Thanks Steve. Local 25 here out of Denver. Hope to get my QEI, go to 58, as the wife has a few more years left, & spend my twighlight inspecting. That all depends on how finances, health, & life shake out though. Kyle
Drafting classes through JH and HS led me to take classes in mechanical engineering. Got my BSME in 1992. Started working for Wisne PICO (now known as Comau) doing layout and detailing on the board for body welding systems for Chrysler and GM Truck and Bus. That led into CAD design which I've now been doing for over 25 years. Started out with AutoCAD 8 and learned almost every CAD system since. Catia, Unigraphics, Pro-E, SolidWorks etc... I've worked for several companies over 25 years designing/engineering automotive/aerospace tooling. The highlight of my career, so far, was working for a company that secured a DOD contract to engineer dynamic helicopter test stands used in Corpus Christi Army Depot. They were basically massive gear boxes used to dyno test transmissions for Black Hawks, Apache, Chinook, Iroquois, and Kiowa. Here's a quick video of one of the test stands our team engineered and built. This test stand is powered by 4 3000hp GE motors: We also engineered and built inspection tooling for .223/5.56 shell casings for Federal Ammunition that cycled 1200 rounds/min doing various integrity checks. No video of that, for proprietary reasons but it was fun to watch all that brass fly out into the hopper. Now my life's not as glamorous. I work for a small pump company that supplies municipal and industrial pump package systems. We also engineer and build thermal heat exchange packages that are used by GM, Ford, and Chrysler in their dyno rooms to control oil and water temperatures on their test stands.

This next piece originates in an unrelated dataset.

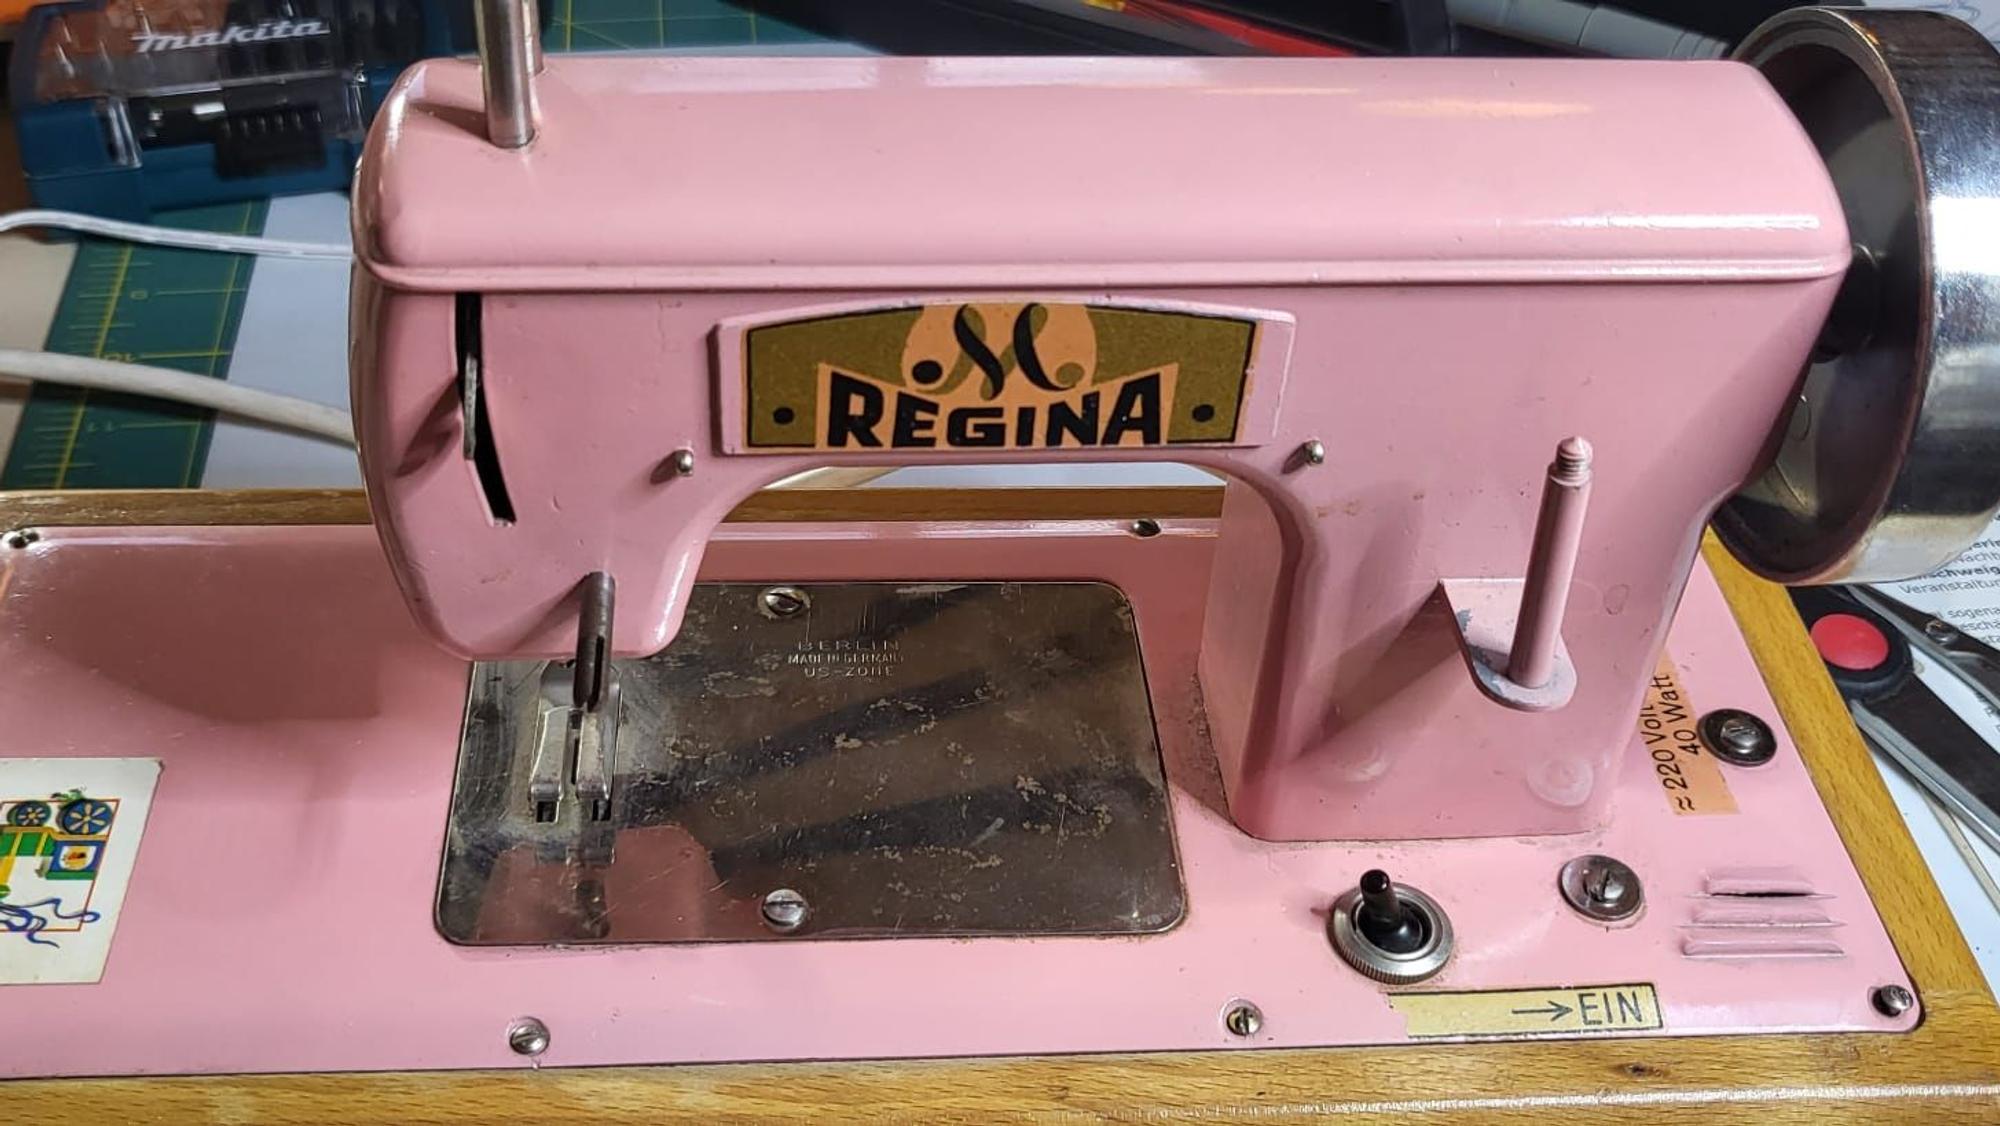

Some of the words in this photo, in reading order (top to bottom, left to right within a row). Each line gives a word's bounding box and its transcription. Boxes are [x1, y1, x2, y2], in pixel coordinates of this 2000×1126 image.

Mechanical engineer, I worked for a small company in the wireless industrial instruments field (pressure and temperature transmitters). Basically I use Solidworks to generate designs for customer specific projects as well as the relevant part and assembly drawings, bills of materials, etc. I handle the documentation end of things showing the production dept how to build it and the customer how to install it. I'm the guy people hate when they say they hate engineers. A lot of our stuff is used widely in the oil and gas industry but there are other applications. Weirdest thing the boss ever had me spend any time on was the "chicken checker". I came up with a handle design to put our temperature transmitter into a pile of frozen chickens so the chicken company can make sure nothing is thawing out.
Cool thread, I started my working years on our family owned ice cream trucks, Smoo Moo Ice Cream, soft served like Dairy Queen, then off to Texas A&M for a degree in Aquaculture and of course went to work in the Oilfield doing a very specialized service called Drill Stem Testing (checking formations for oil, gas, or water and pressure for production). Moved on to sales for a drilling contractor (professionally took people to lunch along with hunting excursions to my bosses ranch 800,000+ acres. Left the oilfield and moved to Abilene, now I work at Home Depot as the Receiving Department Head.
The last 12 years..........7 years Afghanistan, 3 years Iraq, 1 year Antarctica, 1 yr. Kurdistan,......now US State Dept, I travel to around 30-50 Embassy's/Posts around the World a year doing stuff...........
You laugh, but there is a company in my area (Select Sires) that has people actually do this on a daily basis.
Was very fortunate to work as a salesman for a employee owned industrial supply house here in Ontario. Retired after 33 years. We always owned 49% until 1995 when we purchased the remaining 51%. Blessed to have such generous owners. In 2014 Graingers purchased us. Now spending time trying to pay forward our blessings. Great to hear what you all do! Leo
That is so scary but she really is. I just pray she doesn't do the things I've done. She's smarter than me so there is hope for her yet.
Forgive my ignorance, but how exactly is this performed, by machine or manually, somebody wank the bull??
There was an episode of Dirty Jobs about horse breeding. The one dude's job was to guide the males horses junk into the female horse. Imagine doing that all day?